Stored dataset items
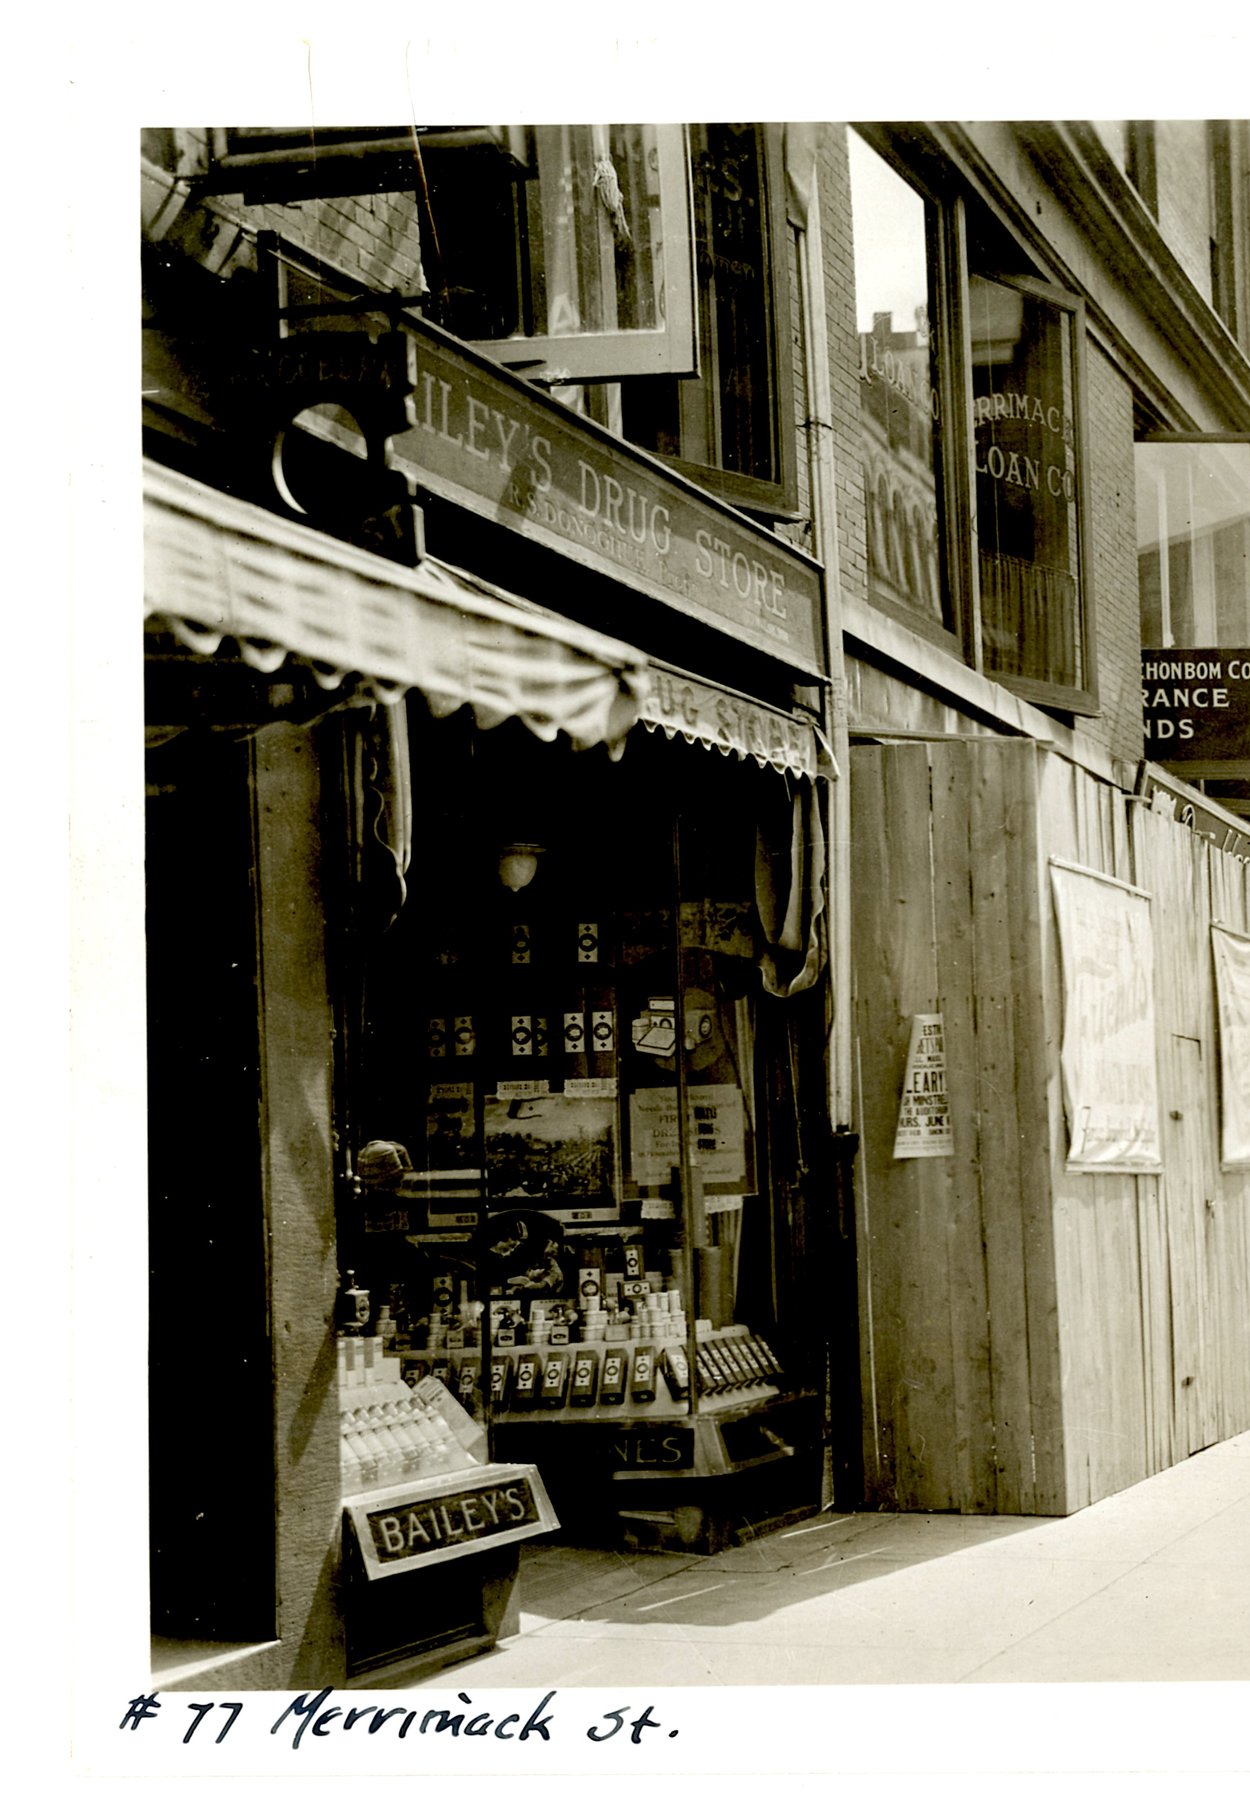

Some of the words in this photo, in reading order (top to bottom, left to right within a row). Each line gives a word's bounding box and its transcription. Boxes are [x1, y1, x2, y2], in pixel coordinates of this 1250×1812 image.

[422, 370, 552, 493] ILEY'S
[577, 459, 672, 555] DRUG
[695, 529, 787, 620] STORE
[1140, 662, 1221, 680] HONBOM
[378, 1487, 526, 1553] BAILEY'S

* [WORK INSTRUCTION]: What is needed is an exact copy of all the entries above, minus the pictures.

* [RESULT OF THIS EXERCISE]:
Some of the words in this photo, in reading order (top to bottom, left to right within a row). Each line gives a word's bounding box and its transcription. Boxes are [x1, y1, x2, y2], in pixel coordinates of this 1250×1812 image.

[422, 370, 552, 493] ILEY'S
[577, 459, 672, 555] DRUG
[695, 529, 787, 620] STORE
[1140, 662, 1221, 680] HONBOM
[378, 1487, 526, 1553] BAILEY'S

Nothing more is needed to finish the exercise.